The geographical position and the height Of the land combined to create a landscape that had not its like in all the world. There was no fat on it and no luxuriance anywhere; it was Africa distilled up through six thousand feet. like the strong and refined essence of a continent. The colours were dry and burnt. like the colours in pottery. The trees had a light delicate foliage, the structure of which was different from that of the trees in Europe; it did not grow in bows or cupolas, but in horizontal layers, and the formation gave to the tall solitary trees a likeness to the palms, or a heroic and romantic air like full-rigged ships with their sails furled, and to the edge of a wood a strange appearance as if the whole wood were faintly vibrating. Upon the grass of the great plains the crooked bare old thorn trees were scattered, and the grass was spiced like thyme and bog-myrtles; in some places the scent was so strong that it smarted in the nostrils. All the flowers that you found or plains, or upon the creepers and liana in the native forest, were diminutive like flowers of the downs - only just in the beginning of the long rains a number of big, massive heavy-scented lilies sprang out on the plains. The views were immensely wide. Everything that you saw made for greatness and freedom, and unequaled nobility.

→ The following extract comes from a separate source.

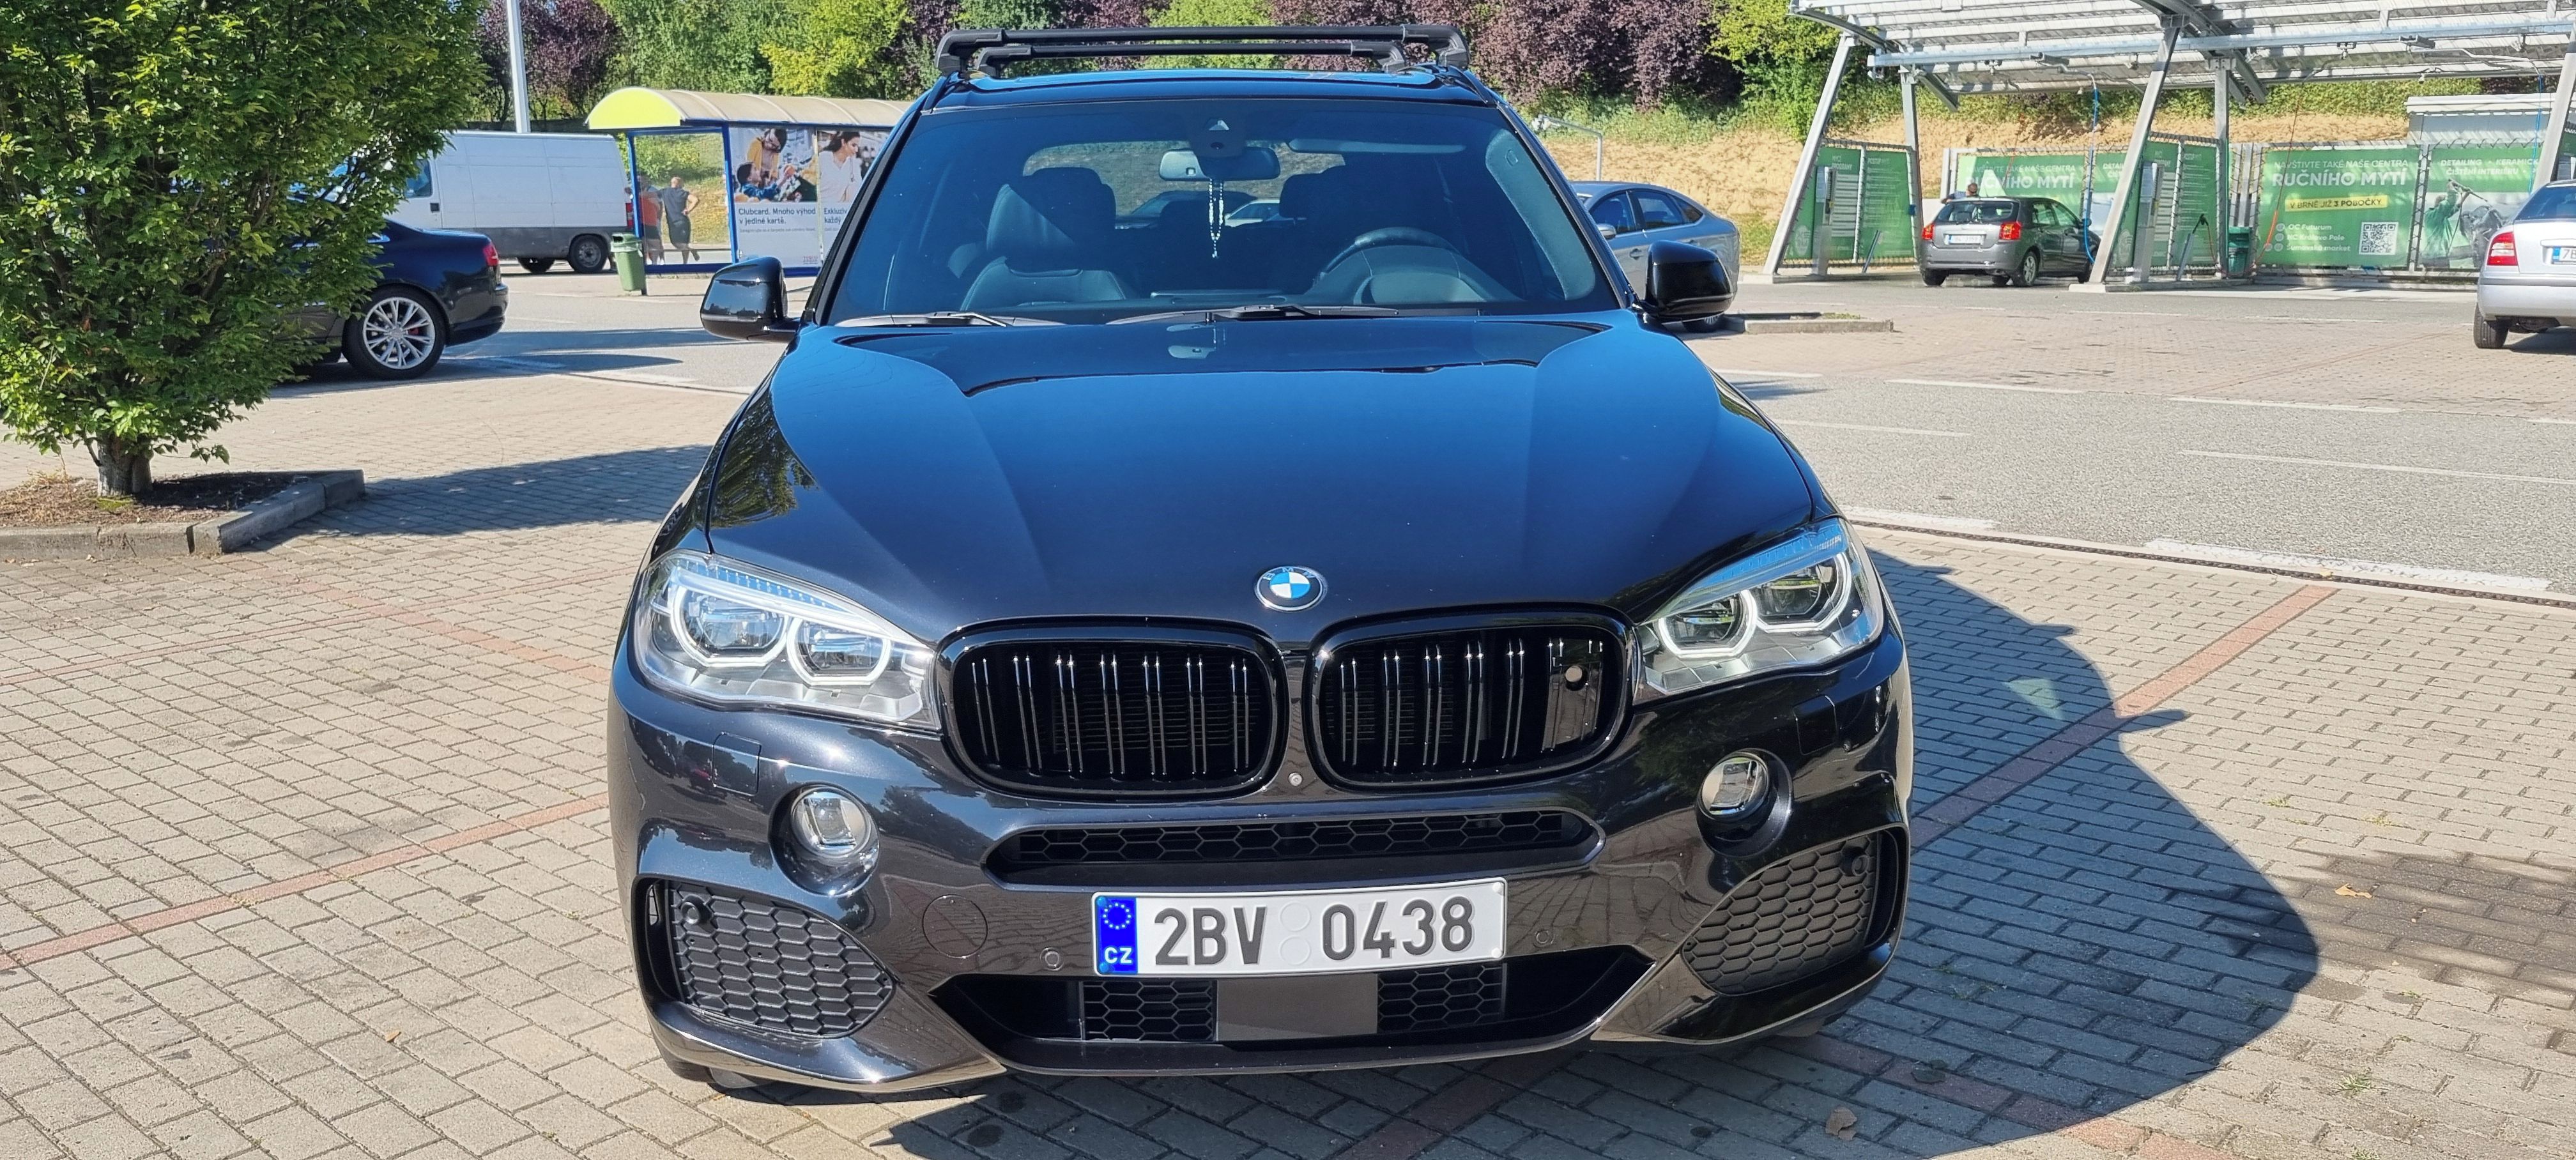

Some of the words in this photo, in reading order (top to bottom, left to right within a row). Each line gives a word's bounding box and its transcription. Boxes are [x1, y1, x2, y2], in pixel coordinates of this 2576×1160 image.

The chief feature of the landscape, and of your life in it, was the air. Looking back on a sojourn in the African highlands, you are struck by your feeling of having lived for a time up in the air. The sky was rarely more than pale blue or violet, with a profusion of mighty, weightless, ever-changing clouds towering up and sailing on it, but it has a blue vigour in it, and at a short distance it painted the ranges of hills and the woods a fresh deep blue. In the middle of the day the air was alive over the land, like a flame burning; it scintillated, waved and shone like running water, mirrored and doubled all objects, and created great Fata Morgana. Up in this high air you breathed easily, drawing in a vital assurance and lightness of heart. In the highlands you woke up in the morning and thought: Here I am, where I ought to be.
Karen Blixen, "Out of Africa."

1 comment:

  1. Aaahhhhh yes, thanks for reminding me. Reading her words brought a moment of peace. That's all we have is the moments.